Because there’s so much to do North of the fence…. but not much North of the I-54.
By Barbara Zaragoza / South Bay Compass
This week, many activities feature awareness of our environment, including at Olivewood Gardens, Wild Willow Farm, Suzie’s Farm and the Tijuana River National Estuarine Research Reserve.
Chula Vista has been in the news lately, with reporters taking a closer look at the massive development going on. Sometimes believed to be divided between the poor West and the rich East, the city council is trying to attract developers to the West. They’re also trying to create a “smart” Bayfront full of never-before-seen technology.
It’s still Tijuana Action Month where volunteers come together for cleanups at the U.S.-Mexico border. Activities run through the end of October, so check it out.
The famed Walmart heir turned her beautiful Victorian home in National City into Olivewood Gardens and they’ll host an Open House on Saturday, September 19th from 10am-1pm as well as a Composting Workshop from 9am-noon. Get on their newsletter. It’s worth it.
If you just can’t get enough fun at an urban farm, Wild Willow Farm & Education Center is holding their Open House/Potluck on the same day, Saturday, September 19th. If you can’t make both events, then head over to Wild Willow the very next weekend for their Run & Chili Brewfest.
Mark your calendars in advance for Suzie’s Farm Pumpkin Palooza on Saturday, October 17th from 10am-3pm.
Mexico is starting to enforce new rules at the San Ysidro Port of Entry for U.S. citizens. To bring border crossers up to speed, the Otay Mesa Chamber of Commerce is hosting a seminar called “New Enforcement Regulations for Foreigners Entering Mexico” on Friday, September 25th from 8:30am-10am at SWC, Higher Educations Center, Otay Mesa (8100 Gigantic Street, Room 4500). Non members are $45 per person.
The Olympic Training Center in Chula Vista may close if the city is unable to afford taking over the facility. Community meetings on the issue will take place on Thursday, September 24th in Council Chambers and on Monday, September 28th at the Olympic Training Center. For much more, check out Susan Luzzaro’s article.
Top South Bay News Stories
The Chula Vista City council wants to attract developers to the older West side of the city. Good luck with that when you’ve vast stretches of open land in the East. Remember when the East was for dirt bikers and dune buggies? Those were the days and the Los Angeles Times recalls them in this article about how Eastlake was developed in the 1980s.
Chula Vista’s Bayfront development is gearing to have smart, digital-friendly infrastructure.
Meanwhile, the local activist group in Chula Vista, called Crossroads II, made this statement about the continued development and construction taking place in eastern Chula Vista: “By any standard, Chula Vista has become vastly overbalanced in favor of “residential” at the expense of “industrial” and “commercial.” One result of this is that some 80,000 Chula Vistans have to leave Chula Vista every morning to travel to their place of work elsewhere. In addition, while the sales taxes earned by National City is $193 per resident, and $183 in San Diego, it is only $120 per resident in Chula Vista.”

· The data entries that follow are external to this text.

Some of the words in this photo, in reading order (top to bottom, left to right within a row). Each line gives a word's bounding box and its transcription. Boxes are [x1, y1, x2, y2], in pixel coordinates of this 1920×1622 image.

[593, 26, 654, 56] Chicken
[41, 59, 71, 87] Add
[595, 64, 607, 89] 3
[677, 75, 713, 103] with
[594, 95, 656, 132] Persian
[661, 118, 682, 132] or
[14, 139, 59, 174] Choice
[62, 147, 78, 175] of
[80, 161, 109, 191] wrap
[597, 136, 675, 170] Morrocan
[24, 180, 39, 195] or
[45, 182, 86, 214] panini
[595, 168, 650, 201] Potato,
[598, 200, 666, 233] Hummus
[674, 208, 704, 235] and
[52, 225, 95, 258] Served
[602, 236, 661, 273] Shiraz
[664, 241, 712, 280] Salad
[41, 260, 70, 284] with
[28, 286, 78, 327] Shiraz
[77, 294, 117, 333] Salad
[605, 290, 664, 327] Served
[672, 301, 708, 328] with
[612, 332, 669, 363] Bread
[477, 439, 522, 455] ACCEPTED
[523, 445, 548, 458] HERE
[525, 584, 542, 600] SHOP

Imperial Beach, San Ysidro & National City
When it rains, don’t go to the beach. That includes Imperial Beach where sewage run off from Tijuana can lead to increased bacteria in the water. Although, if you happen to think it’s any different further North, you’d be wrong.

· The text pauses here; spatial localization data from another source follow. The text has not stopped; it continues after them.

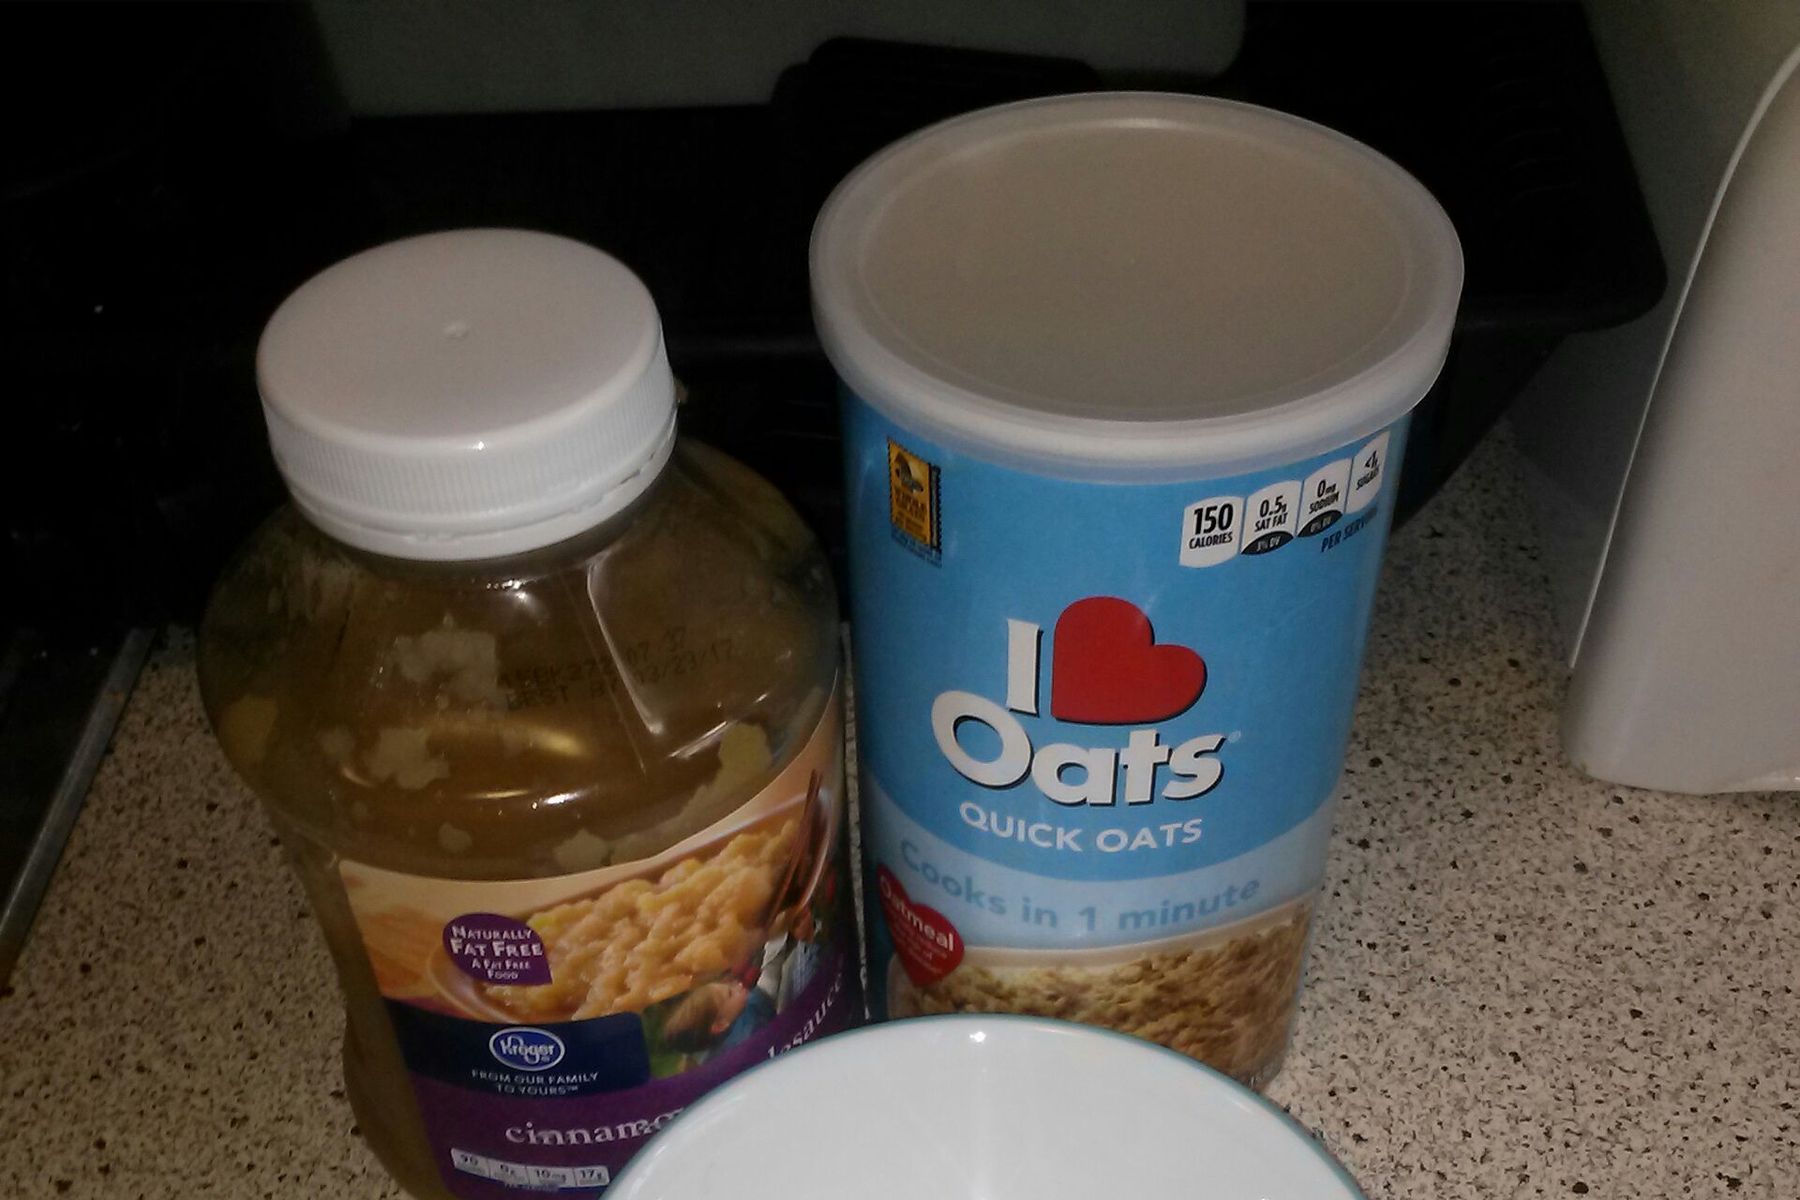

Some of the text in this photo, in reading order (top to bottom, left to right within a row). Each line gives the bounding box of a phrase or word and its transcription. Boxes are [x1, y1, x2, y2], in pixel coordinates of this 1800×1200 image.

[1193, 502, 1235, 536] 150
[1255, 511, 1289, 532] SAT FAT
[1189, 531, 1233, 549] CALORIES
[1321, 530, 1342, 552] PER
[1007, 617, 1043, 717] I
[931, 690, 1226, 807] Oats
[958, 801, 1204, 854] QUICK OATS
[900, 839, 1261, 932] Cooks in 1 minute
[452, 925, 532, 940] NATURALLY
[450, 938, 544, 957] FAT FREE
[499, 1034, 555, 1065] Kroger
[472, 1069, 600, 1084] FROM OUR FAMILY
[497, 1083, 515, 1093] TO
[505, 1107, 684, 1145] cinnamo

Protestors stood outside Imperial Beach’s Save-A-Lot this week. Customers complained that the store regularly sells spoiled food, including bad chicken, rotten tomatoes and spoiled salsa mixed in with fresh salsa.
San Ysidro teachers got a 6% pay raise after successful talks between the teacher’s union and the district. The announcement comes after an overhaul of employees, the resignation of a board trustee and a new Superintendent.
The Union-Tribune also reports that a majority of students throughout South County school districts — with one notable exception — scored well below county and state averages on the new standardized tests.
Otay Mesa & Recycled Water Rate Hike
The Otay Mesa Chamber Board says it unanimously opposed the City’s proposed recycled water rate hike. They explain: “The proposed hike would increase potable water rates for Otay Mesa and according to the Otay Water District (OWD), the unitary rate proposed by the City would translate to $1.2 million of inequitable annual costs to OWD’s recycled and potable water customers.
OWD is a customer of the City’s South Bay Recycled Water Reclamation Plant and buys 99 percent of the water produced there. OWD owns the distribution system in the South Bay and pays 100 percent of its system’s distribution costs. The City has virtually no distribution system in the South Bay. The City owns and operates the North Recycled System, which includes the North City’s distribution system.